■ What is required: Skip the pictures. Quote every line below, exactly, from the one with "this 1200×1600 image." through the final line.

---- Provided data

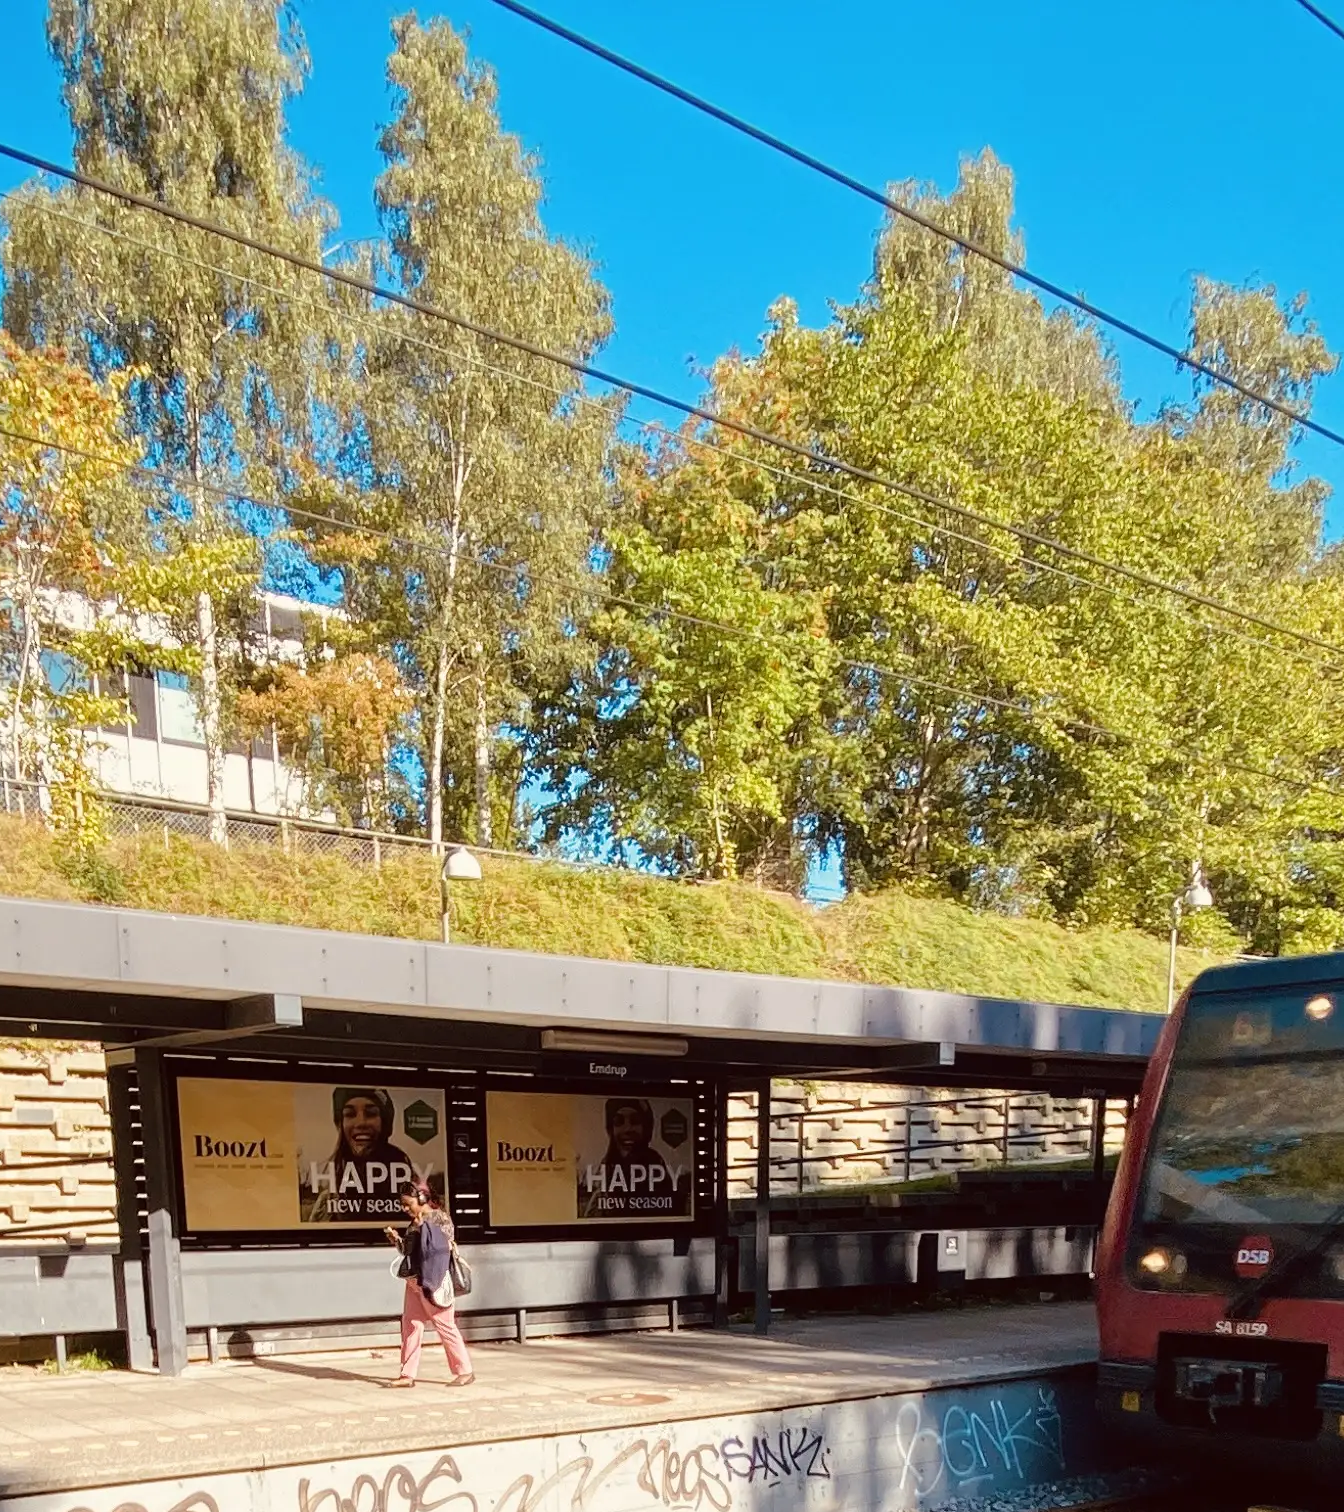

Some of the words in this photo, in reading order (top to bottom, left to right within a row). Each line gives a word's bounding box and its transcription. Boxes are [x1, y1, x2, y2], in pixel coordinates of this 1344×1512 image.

[589, 1062, 627, 1077] Emdrup
[194, 1134, 267, 1158] Boozt
[497, 1141, 555, 1162] Boozt
[587, 1163, 684, 1193] HAPPY
[326, 1197, 363, 1213] new
[598, 1196, 626, 1209] new
[629, 1196, 673, 1209] season
[1237, 1250, 1270, 1264] DSB
[1215, 1321, 1232, 1333] SA
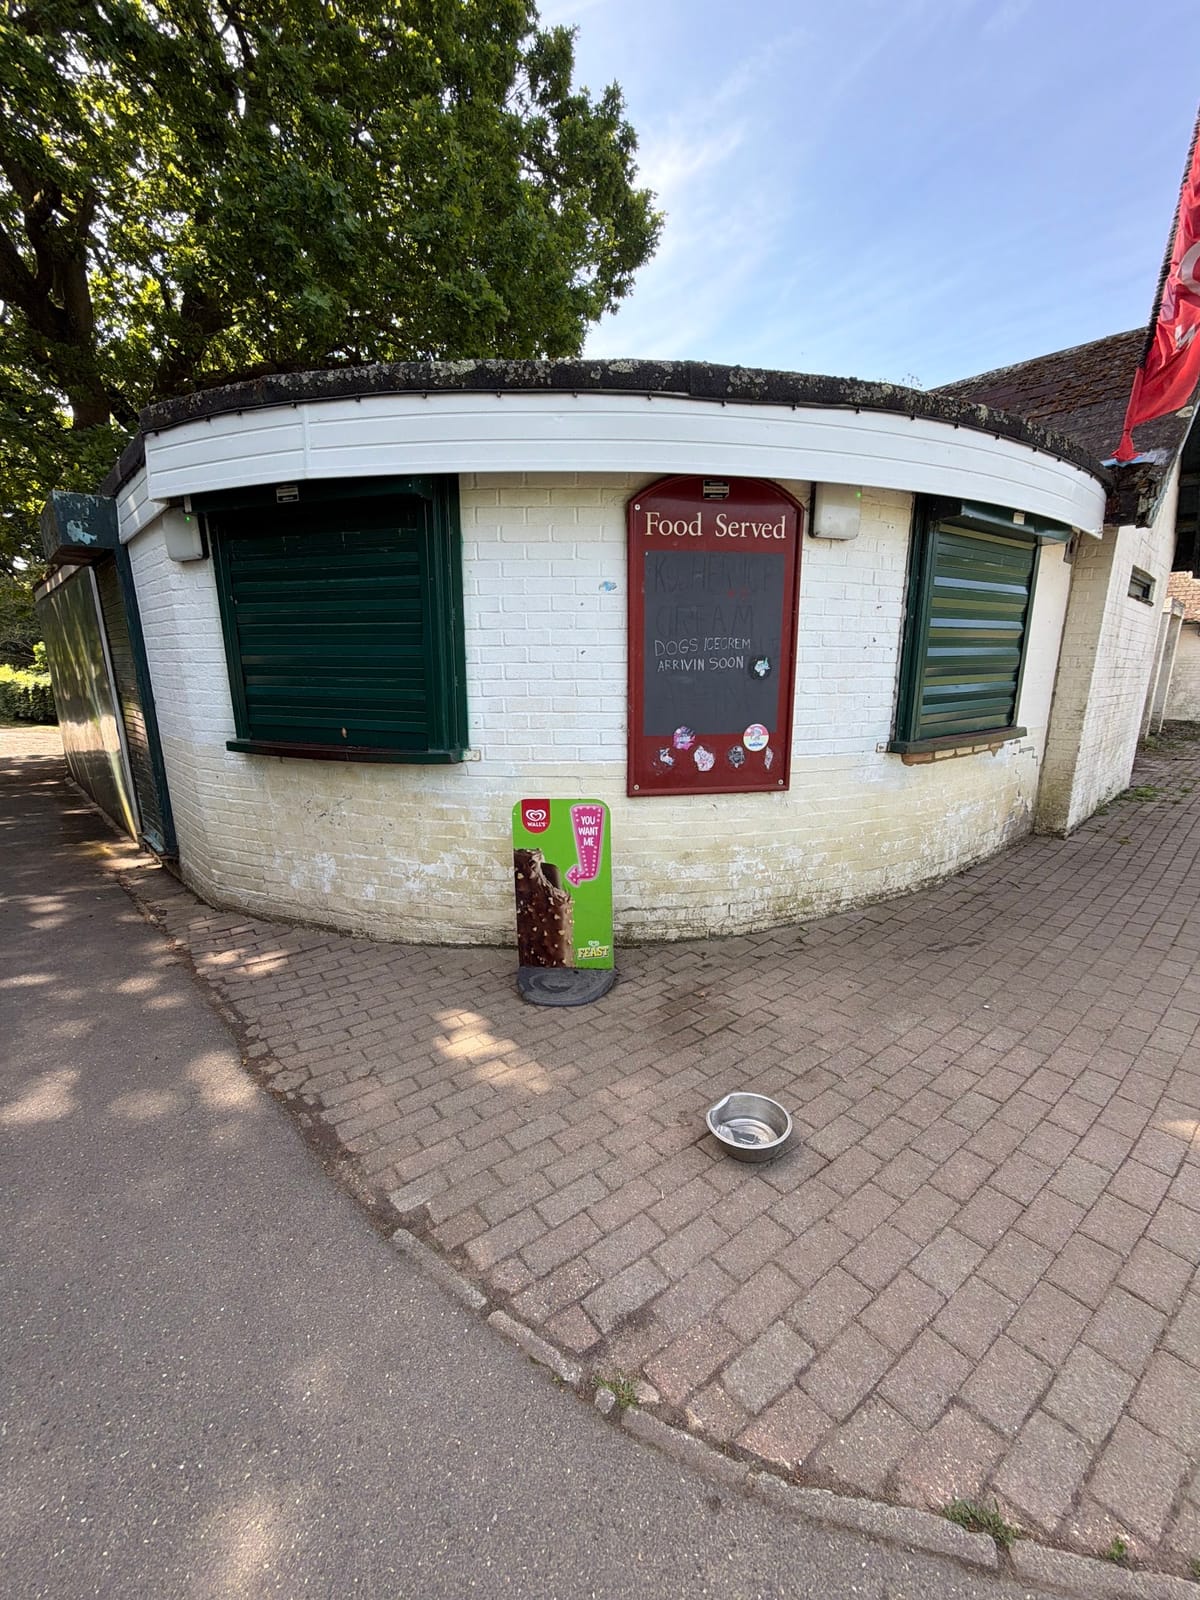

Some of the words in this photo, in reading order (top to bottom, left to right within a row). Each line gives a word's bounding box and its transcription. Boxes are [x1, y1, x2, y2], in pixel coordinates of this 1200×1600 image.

[645, 511, 703, 536] Food
[715, 513, 786, 539] Served
[654, 638, 698, 657] DOGS
[703, 637, 751, 651] ICECREM
[657, 658, 705, 672] ARRIVIN
[709, 656, 744, 671] SOON
[580, 815, 595, 825] YOU
[578, 827, 598, 836] WANT
[583, 837, 594, 847] ME
[577, 945, 609, 960] FEAST
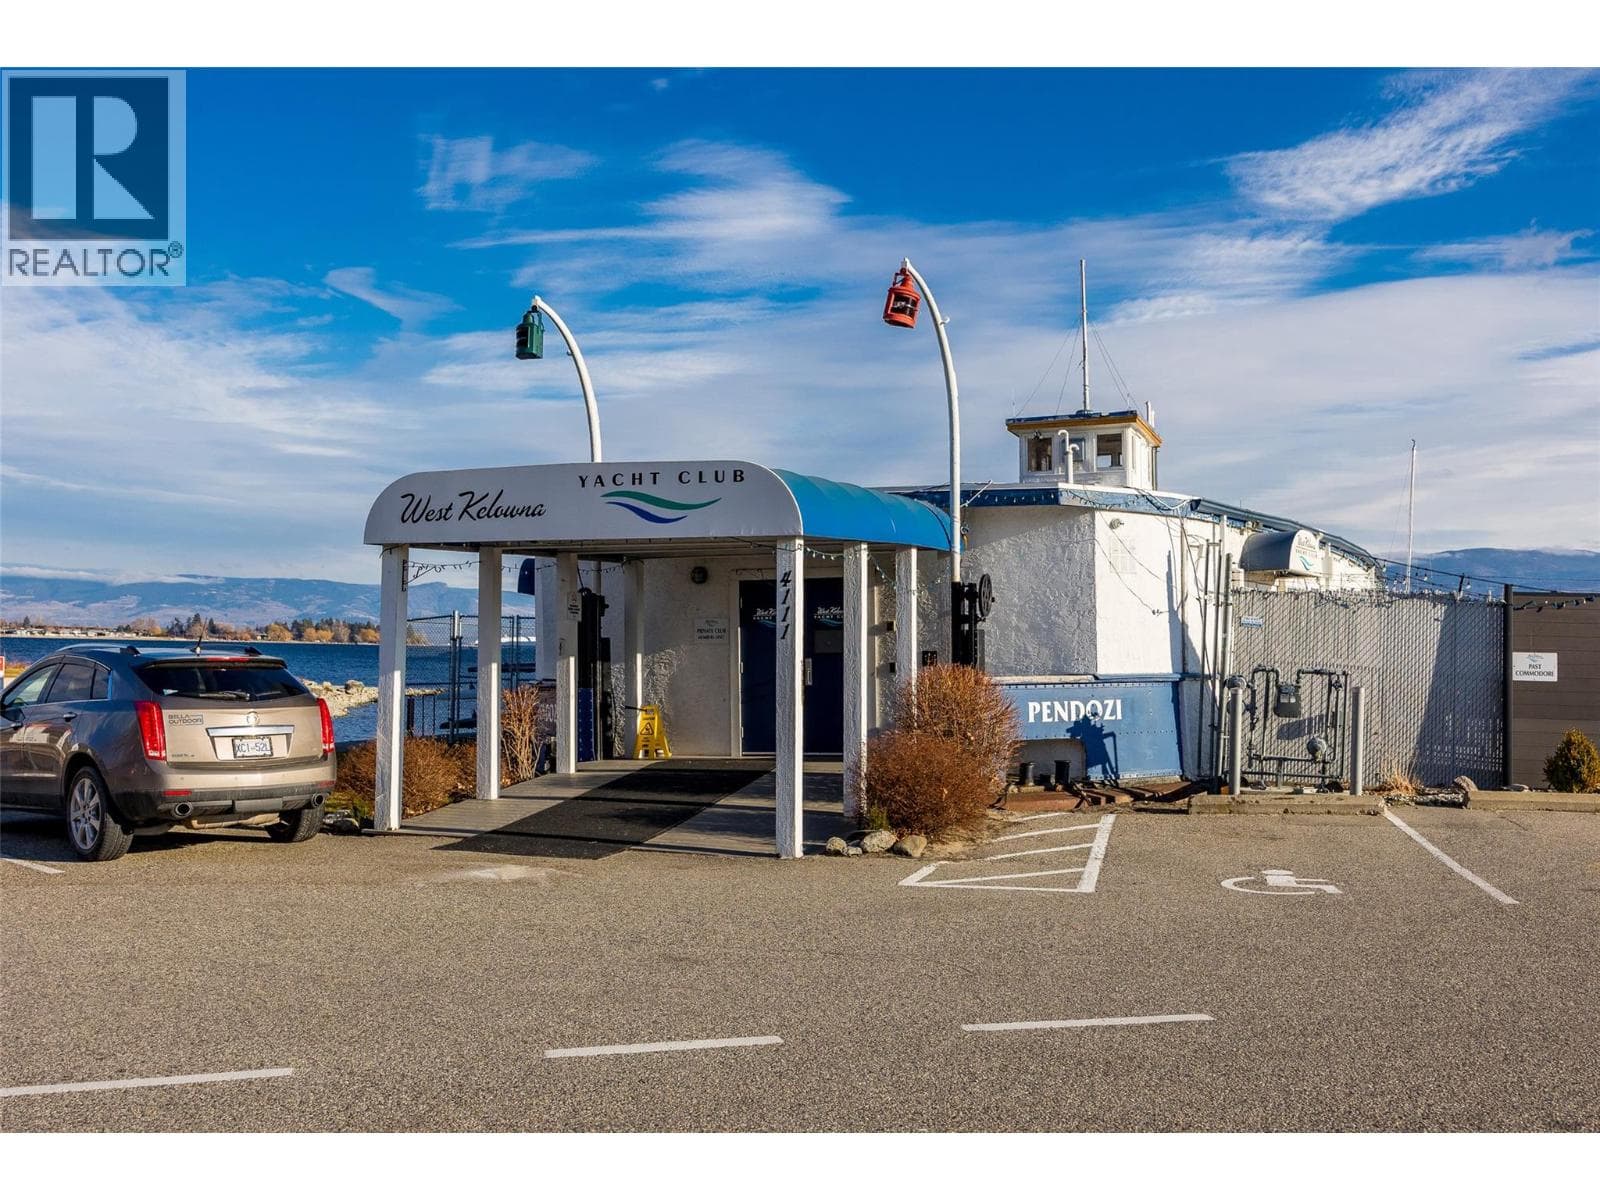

--------

■ Exercise answer:
Some of the words in this photo, in reading order (top to bottom, left to right within a row). Each line gives a word's bounding box and its transcription. Boxes are [x1, y1, x2, y2], in pixel coordinates of this 1200×1600 image.

[645, 511, 703, 536] Food
[715, 513, 786, 539] Served
[654, 638, 698, 657] DOGS
[703, 637, 751, 651] ICECREM
[657, 658, 705, 672] ARRIVIN
[709, 656, 744, 671] SOON
[580, 815, 595, 825] YOU
[578, 827, 598, 836] WANT
[583, 837, 594, 847] ME
[577, 945, 609, 960] FEAST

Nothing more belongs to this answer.